--- START ---

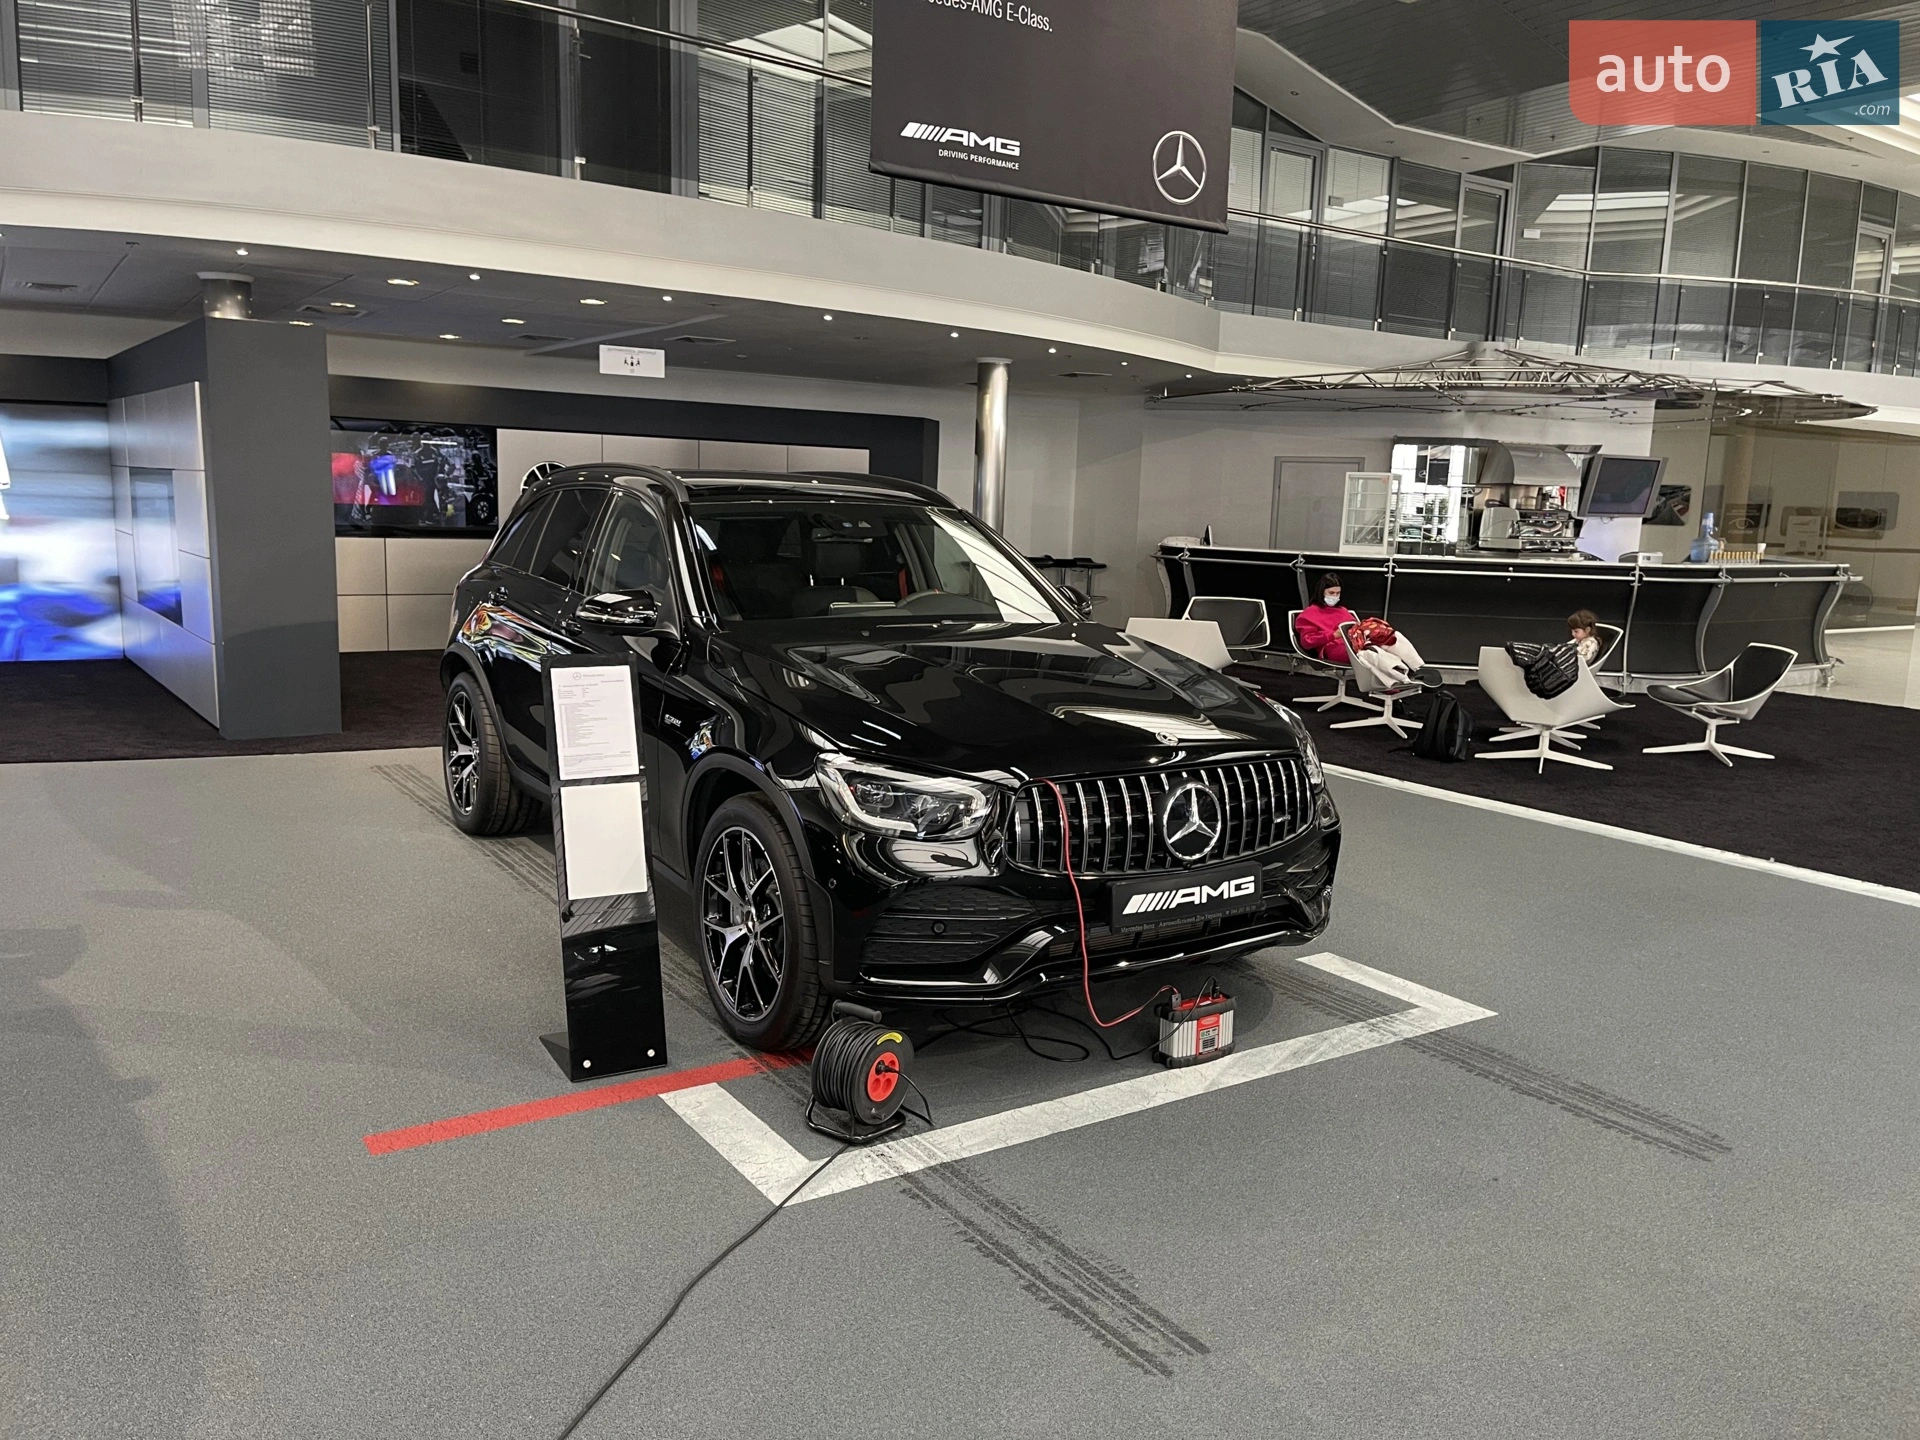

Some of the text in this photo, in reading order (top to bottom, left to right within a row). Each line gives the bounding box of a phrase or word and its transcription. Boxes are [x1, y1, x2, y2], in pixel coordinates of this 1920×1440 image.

[1006, 2, 1053, 32] E-Class.
[939, 128, 1020, 157] AMG
[938, 149, 1020, 170] DRIVING PERFORMANCE
[1168, 875, 1255, 909] AMG

--- END ---

• What the exercise asks:
When repeating the material above, keep every line exact and drop all pictures.

• Worked solution:
Some of the text in this photo, in reading order (top to bottom, left to right within a row). Each line gives the bounding box of a phrase or word and its transcription. Boxes are [x1, y1, x2, y2], in pixel coordinates of this 1920×1440 image.

[1006, 2, 1053, 32] E-Class.
[939, 128, 1020, 157] AMG
[938, 149, 1020, 170] DRIVING PERFORMANCE
[1168, 875, 1255, 909] AMG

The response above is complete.